Opinión
Páginas de la historia
Filipino que se inmoló
Hace ya algunos años leía en los diarios argentinos, una noticia aterradora. Venía de un lejano país asiático: Las Filipinas y decía más o menos así: “El Sr. Carlos Rodrigo, filipino, de 38 años, casado, padre de cuatro hijos, murió carbonizado por propia voluntad”. Y agregaba la noticia. “El Sr. Rodrigo había notificado el día anterior a sus vecinos y conocidos, su decisión y les había informado el lugar –una plaza de su pequeño pueblo de Cebú en Filipinas- dónde llevaría a cabo su suicidio”. Hubo en la historia de la humanidad casos de auto-inmolación, es decir de muerte prendiéndose fuego a si mismo. Pero hasta el presente, siempre tuvieron dos características: Una, que lo hacían para llamar la atención contra alguna injusticia o arbitrariedad. Y además siempre lo llevaban a cabo en pocos minutos, casi sorpresivamente, sin dar tiempo a ser auxiliados.
Pero en el caso de la muerte de Rodrigo, no se dieron esas circunstancias.
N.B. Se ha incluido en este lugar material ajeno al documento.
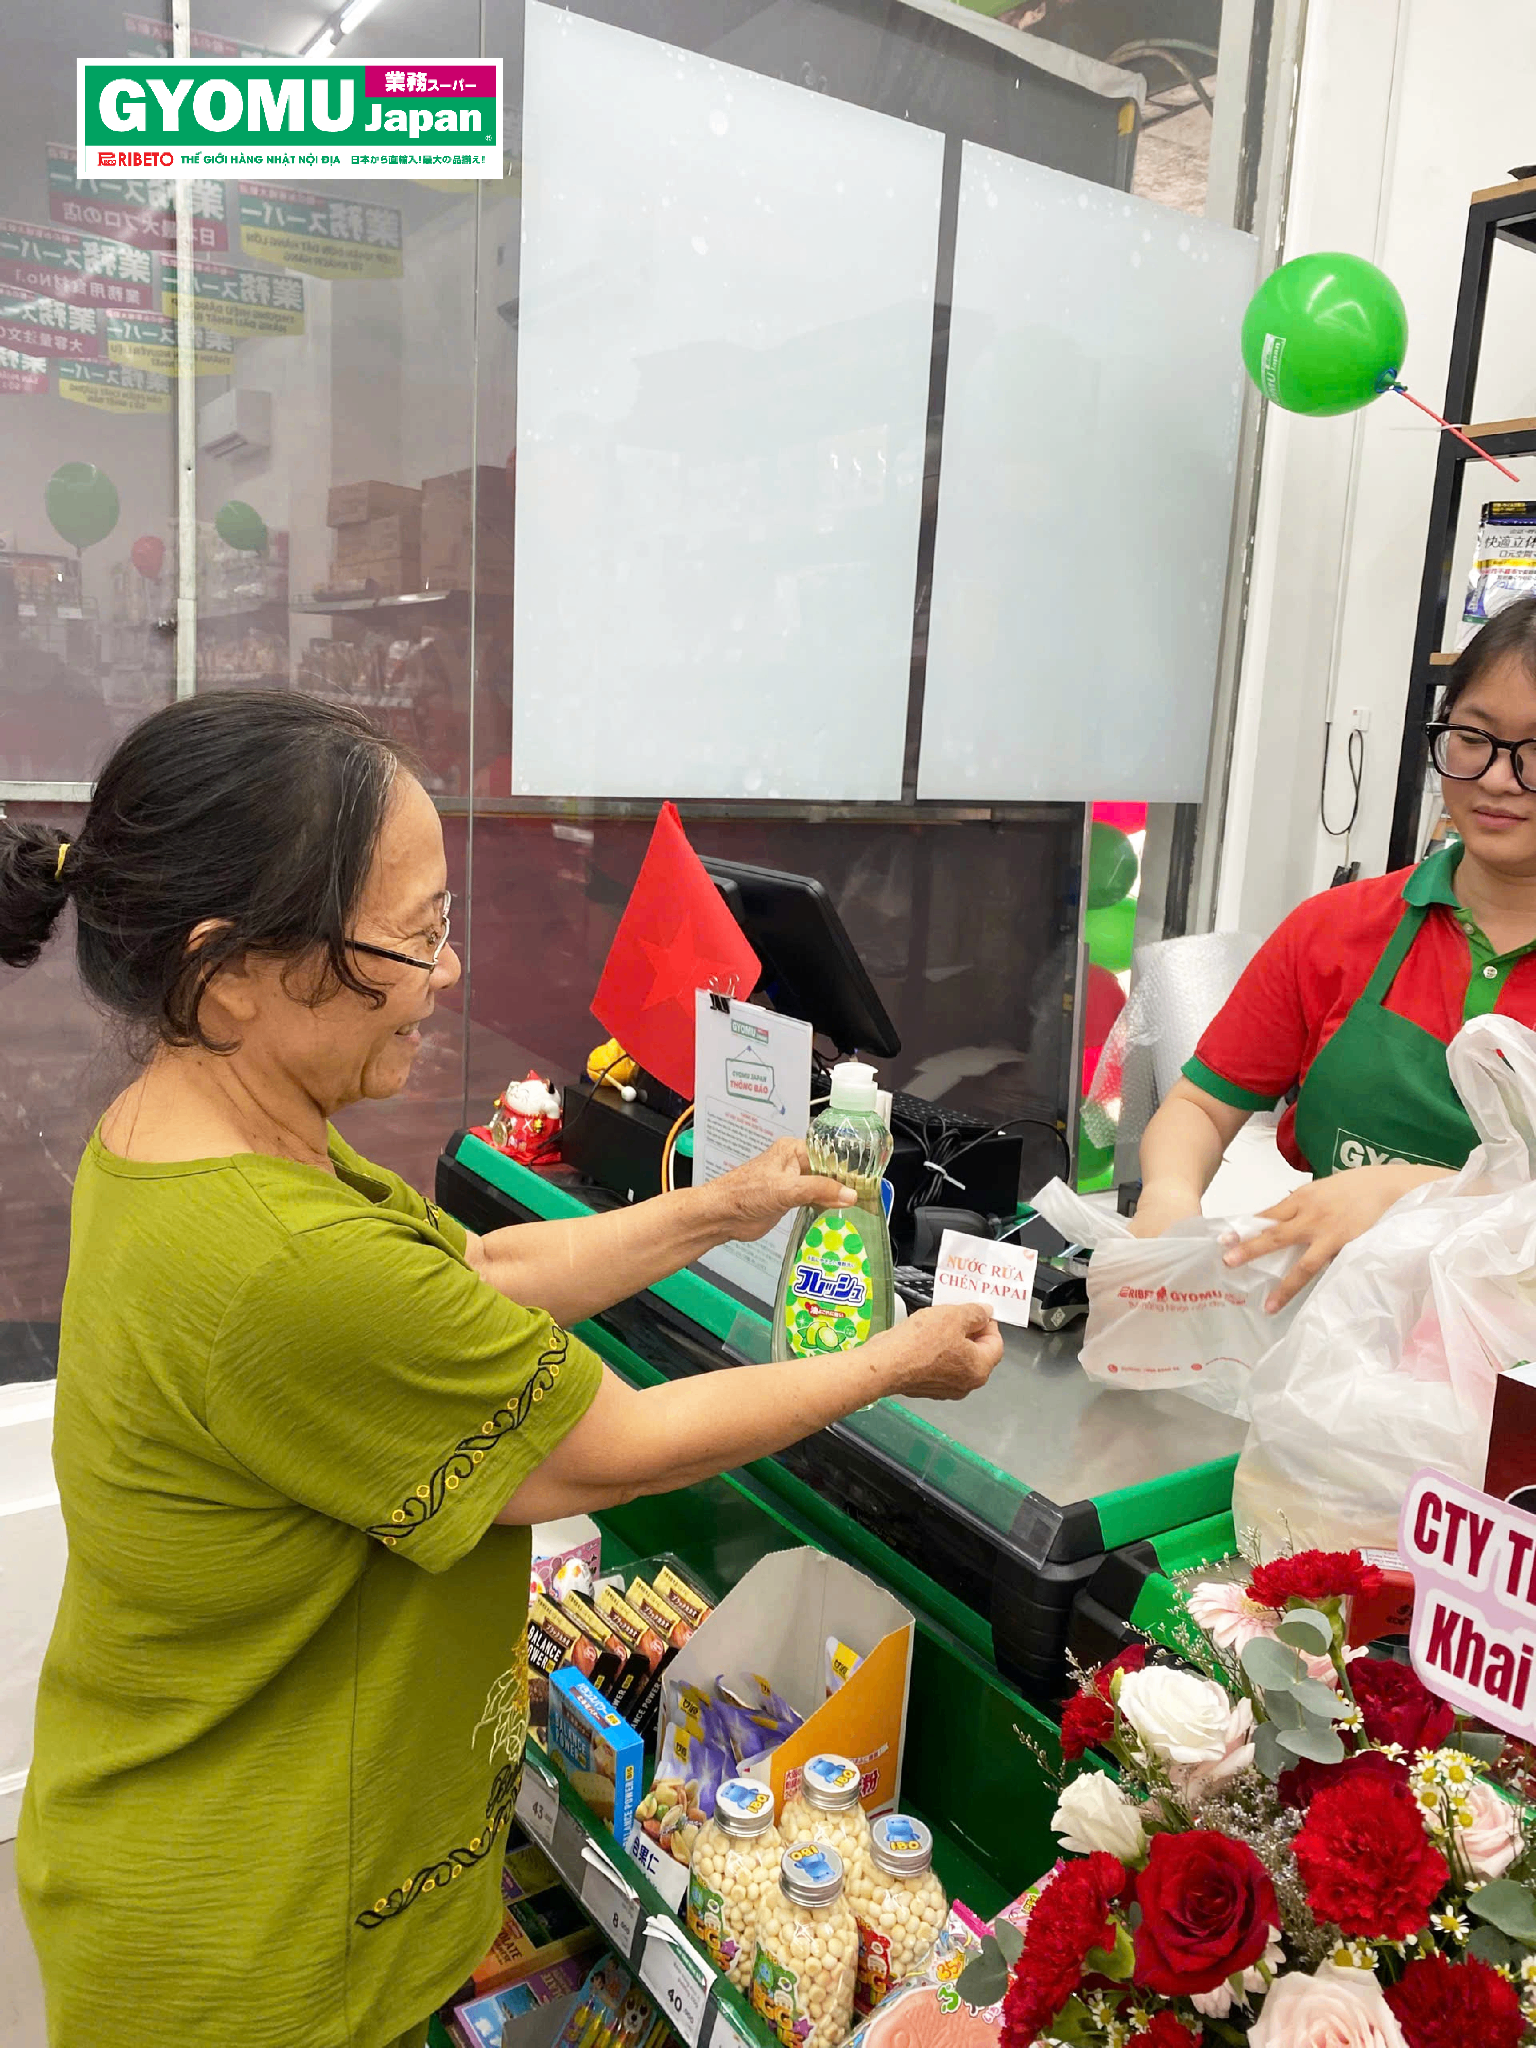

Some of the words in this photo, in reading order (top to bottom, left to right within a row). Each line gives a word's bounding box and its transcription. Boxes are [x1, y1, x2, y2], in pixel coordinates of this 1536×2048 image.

[729, 1079, 753, 1092] THÔNG
[753, 1083, 769, 1095] BÁO
[1340, 1140, 1411, 1169] GY
[947, 1254, 987, 1275] NƯỚC
[939, 1273, 978, 1292] CHÉN
[981, 1281, 1027, 1301] PAPAI
[1413, 1490, 1496, 1579] CTY
[527, 1624, 562, 1663] BALANCE
[1425, 1602, 1535, 1712] Khai
[832, 1768, 857, 1789] IBO
[625, 1779, 635, 1812] POWER
[745, 1793, 770, 1815] IBO
[532, 1801, 544, 1820] 43
[890, 1840, 920, 1851] IBO
[612, 1912, 619, 1929] 8
[667, 1988, 683, 2013] 40
No se suicidó por protestar contra una injusticia, falta de trabajo o enfermedad grave, sino por una creencia religiosa -no recuerdo el nombre- que imponía a sus fieles, para la supuesta salvación eterna, este tipo de sacrificios. Es decir la motivación fue el fanatismo. Y el fanatismo impide el pensar, pero no el actuar.
Pero me parece más grave el otro aspecto. El Sr. Rodrigo avisó. Avisó con 24 horas de anticipación su determinación. Por eso se prendió fuego, ante la inexplicable y fría presencia de cientos de personas que observaron con atención y pasividad, como si se tratase –no sé- de una función deportiva o circense.
Algunos observaban el triste espectáculo comiendo golosinas, “creo que es preferible la crueldad confesada que disfrazada de indiferencia”.
Nadie se acercó para impedir la tragedia, fue –repito- producto del fanatismo del Sr. Rodrigo- pero en la concreción hubo indiferencia e insensibilidad de muchos otros.
La prensa en general trajo en su edición del domingo posterior al drama, incluso fotos, ¡había hasta fotógrafos! las que estaban en tres secuencias. ¡Realmente dramáticas cada una de ellas!.
En la primera foto, el futuro suicida, con un círculo de personas a su alrededor a 6 o 7 metros de distancia, está agachado, en cuclillas. Un señor, a pedido suyo lo está rociando con kerosene.
En la segunda foto, ya Rodrigo está de pié sobre una pira de pasto seco y alguien enciende el fósforo que lo transformará en una hoguera humana. Y la tercera foto, ya la imaginan. El hombre carbonizado yace en el suelo. En fin, un horror.
Entre los asistentes –decía la noticia- estaba el Rector del Colegio secundario donde cursaba uno de los hijos del suicida. Al rector se lo notaba tan indiferente como los demás. ¡Es que hombre civilizado no significa hombre mejor…!
No deseo juzgar a la víctima, ni aludir a su mujer y a sus cuatro pequeños hijos, a los que la muerte de ese ser querido no los mató. Pero sin duda los marcó, los marcó para toda la vida.
Sólo he querido referirme a los que rodeaban a la víctima y a su carencia total de humanidad. Porque si a todos nos doliese el dolor del prójimo, casi no habría dolor.
Y este caso, no ocurrió en la antigüedad, sino hace pocos años y en un lugar civilizado.
Ese dolor solitario de ese hombre cegado por su fanatismo religioso, más el silencio, ese silencio total de la gente que lo rodeaba, que equivale a frialdad, trae a mi mente este aforismo final: “Hay silencios más crueles... que palabras”.